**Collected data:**
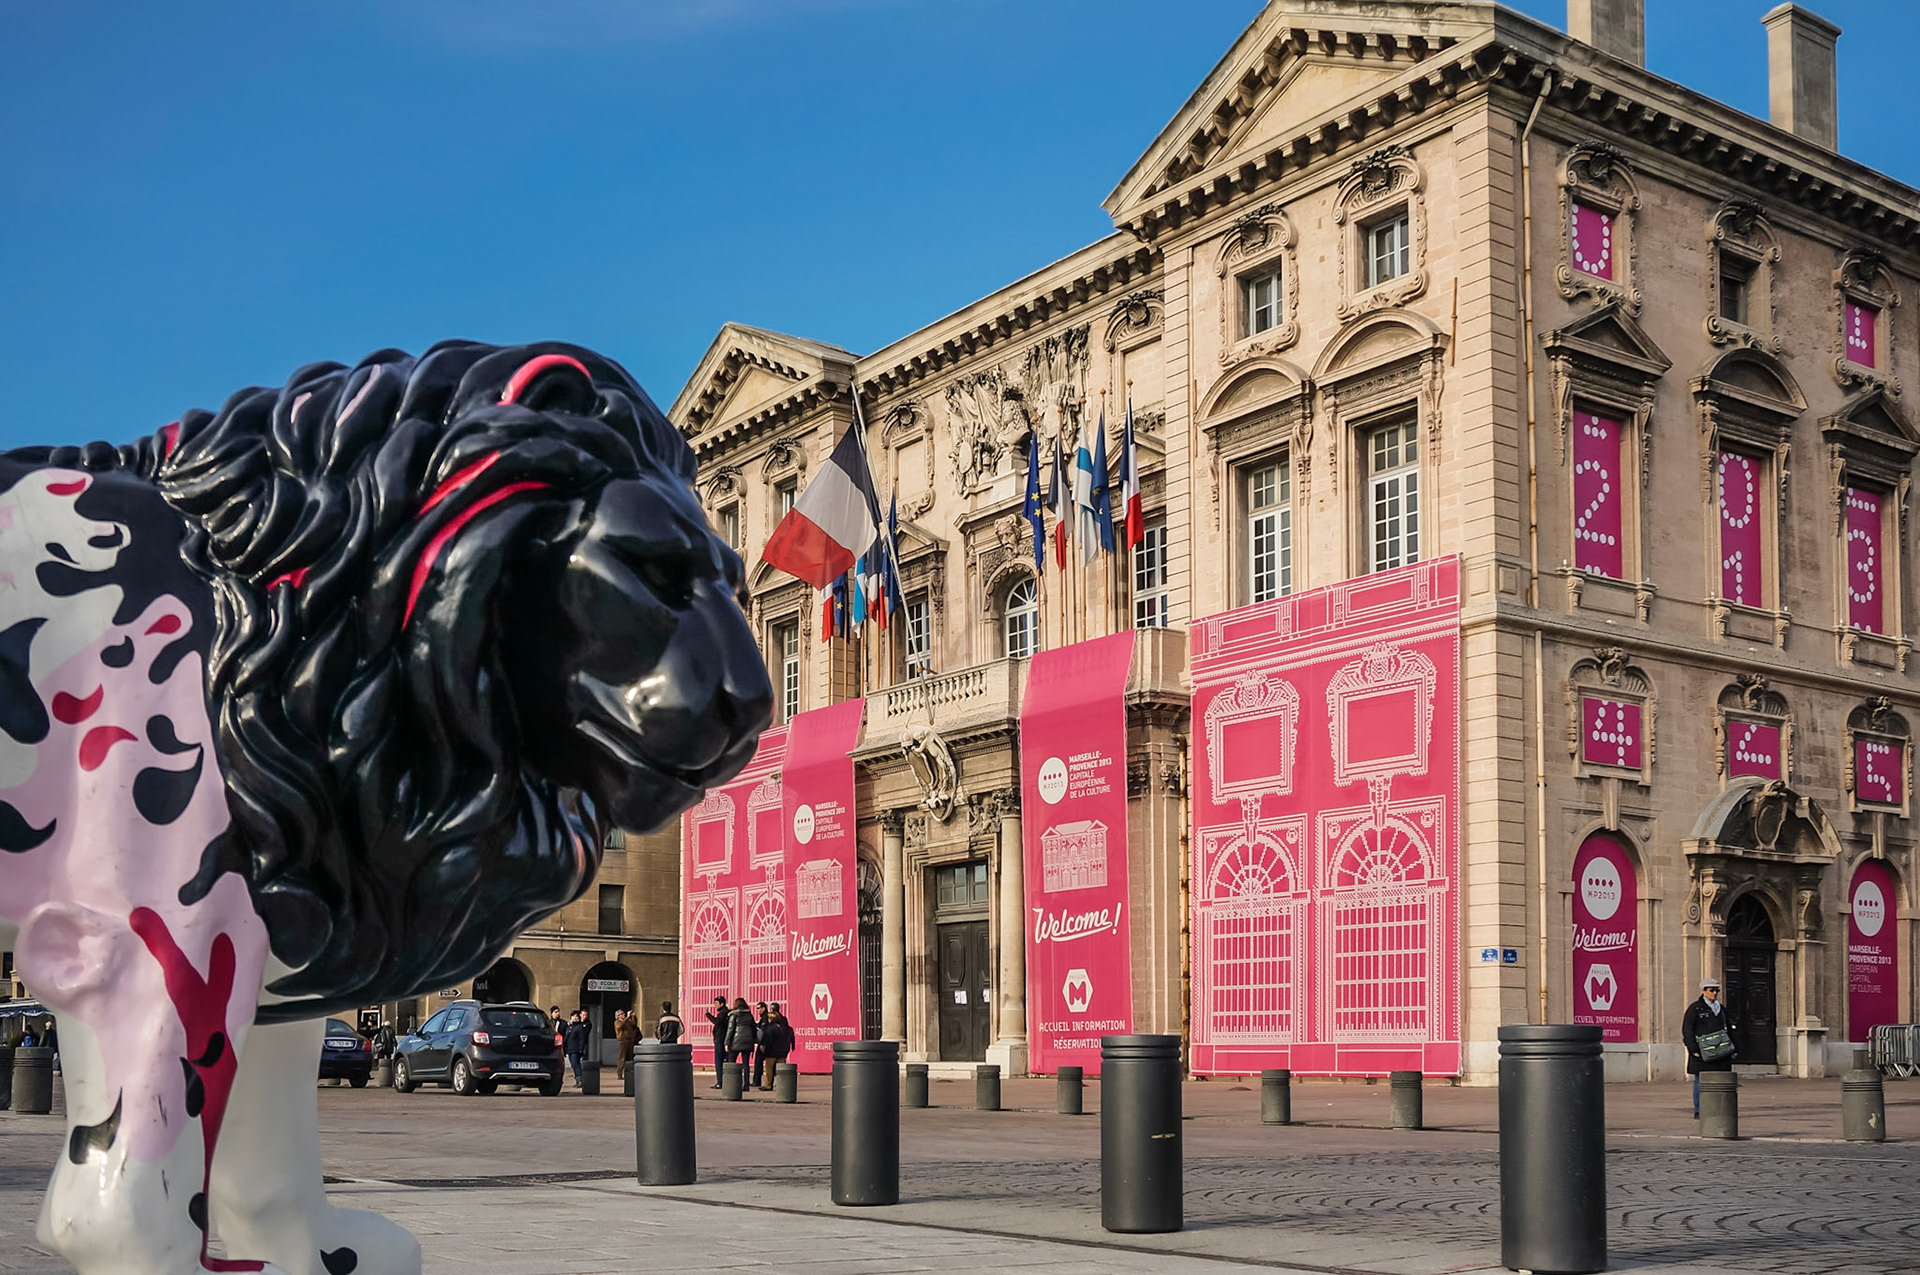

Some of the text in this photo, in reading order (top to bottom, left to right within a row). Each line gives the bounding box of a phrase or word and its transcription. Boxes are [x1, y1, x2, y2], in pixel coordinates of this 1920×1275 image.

[1069, 757, 1112, 772] PROVENCE 2013
[1069, 770, 1095, 781] CAPITALE
[1070, 776, 1106, 790] EUROPÉENNE
[1070, 784, 1111, 799] DE LA CULTURE
[1588, 890, 1616, 900] MP2013
[1032, 902, 1122, 944] Welcome!
[1572, 923, 1636, 952] Welcome!
[790, 928, 853, 961] Welcome!
[1849, 954, 1892, 965] PROVENCE 2013
[1574, 1015, 1635, 1024] CCUEIL INFORMATION
[795, 1026, 856, 1036] ACCUEIL INFORMATION
[1039, 1020, 1125, 1032] ACCUEIL INFORMATION
[805, 1039, 833, 1050] RÉSERVAT
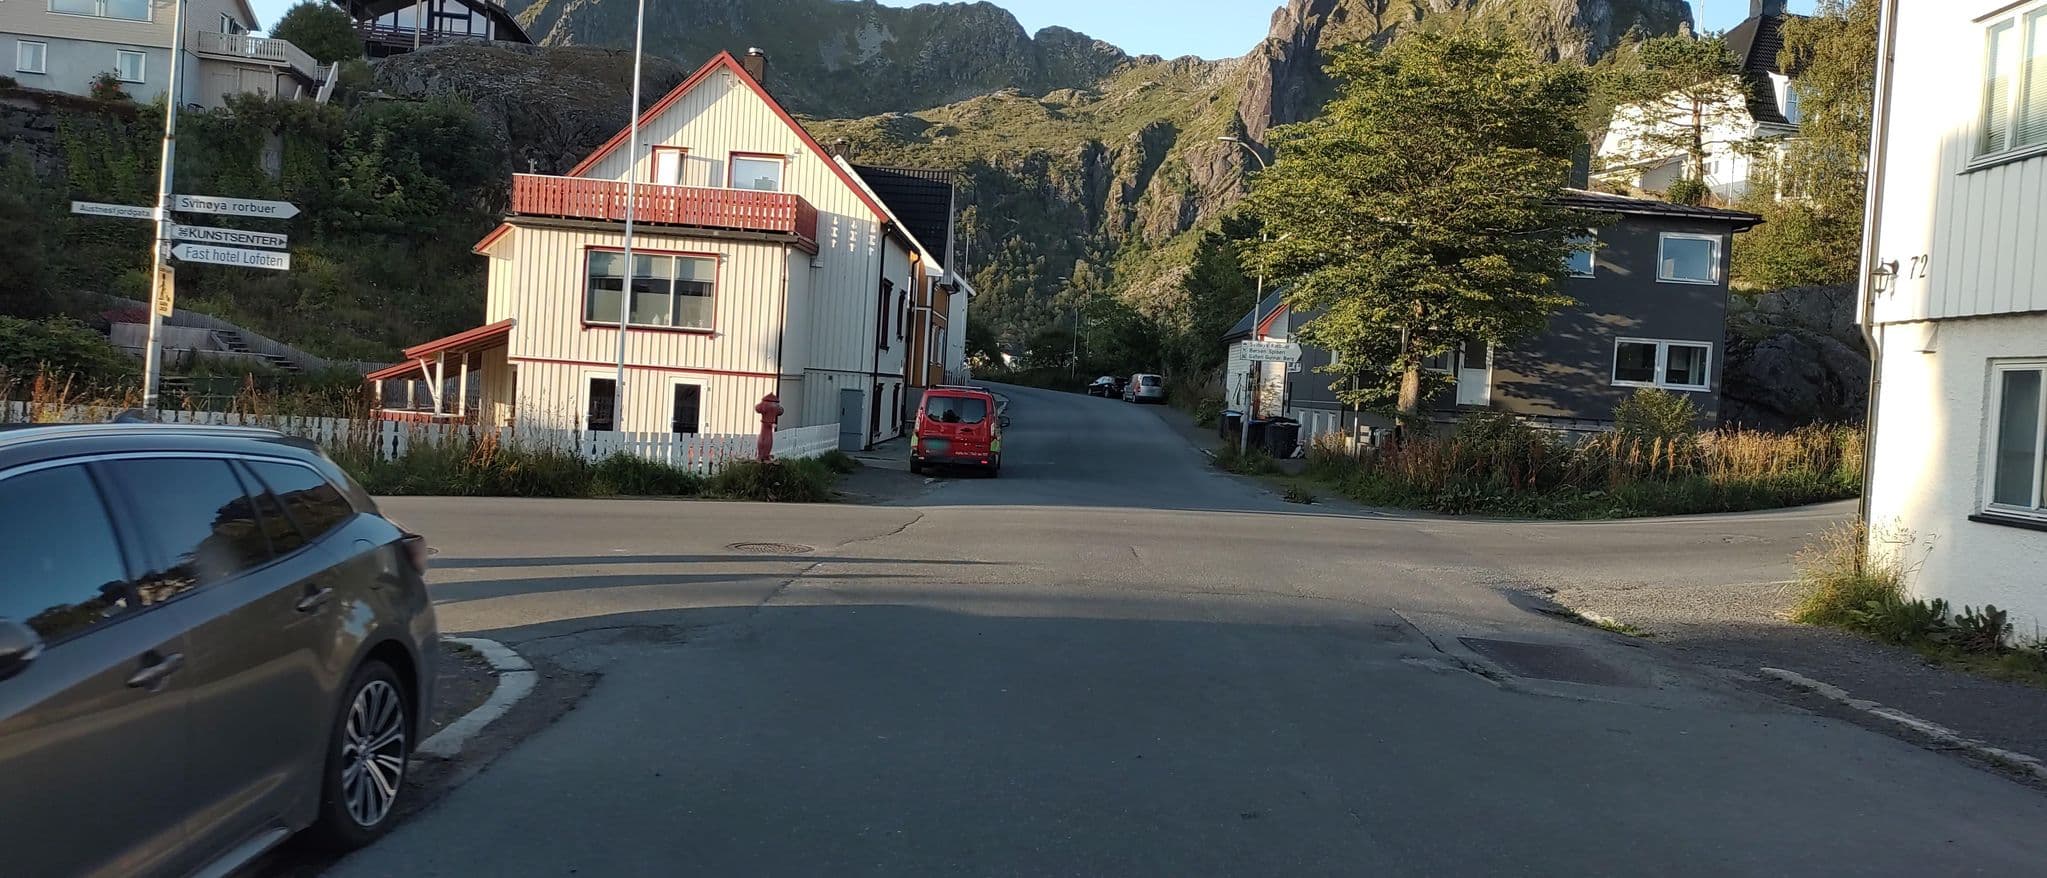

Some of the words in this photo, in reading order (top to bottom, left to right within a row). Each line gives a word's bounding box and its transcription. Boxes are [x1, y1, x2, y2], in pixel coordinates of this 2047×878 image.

[181, 197, 227, 212] Svinøya
[232, 203, 276, 213] rorbuer
[189, 228, 278, 246] KUNSTSENTER
[185, 246, 209, 260] Fast
[213, 249, 240, 263] hotel
[243, 251, 283, 266] Lofoten
[1910, 253, 1929, 280] 72

**Try it:** Reproduce the lines above exactly, please, but not the pictures in them.

**Task solution:**
Some of the text in this photo, in reading order (top to bottom, left to right within a row). Each line gives the bounding box of a phrase or word and its transcription. Boxes are [x1, y1, x2, y2], in pixel coordinates of this 1920×1275 image.

[1069, 757, 1112, 772] PROVENCE 2013
[1069, 770, 1095, 781] CAPITALE
[1070, 776, 1106, 790] EUROPÉENNE
[1070, 784, 1111, 799] DE LA CULTURE
[1588, 890, 1616, 900] MP2013
[1032, 902, 1122, 944] Welcome!
[1572, 923, 1636, 952] Welcome!
[790, 928, 853, 961] Welcome!
[1849, 954, 1892, 965] PROVENCE 2013
[1574, 1015, 1635, 1024] CCUEIL INFORMATION
[795, 1026, 856, 1036] ACCUEIL INFORMATION
[1039, 1020, 1125, 1032] ACCUEIL INFORMATION
[805, 1039, 833, 1050] RÉSERVAT

Some of the words in this photo, in reading order (top to bottom, left to right within a row). Each line gives a word's bounding box and its transcription. Boxes are [x1, y1, x2, y2], in pixel coordinates of this 2047×878 image.

[181, 197, 227, 212] Svinøya
[232, 203, 276, 213] rorbuer
[189, 228, 278, 246] KUNSTSENTER
[185, 246, 209, 260] Fast
[213, 249, 240, 263] hotel
[243, 251, 283, 266] Lofoten
[1910, 253, 1929, 280] 72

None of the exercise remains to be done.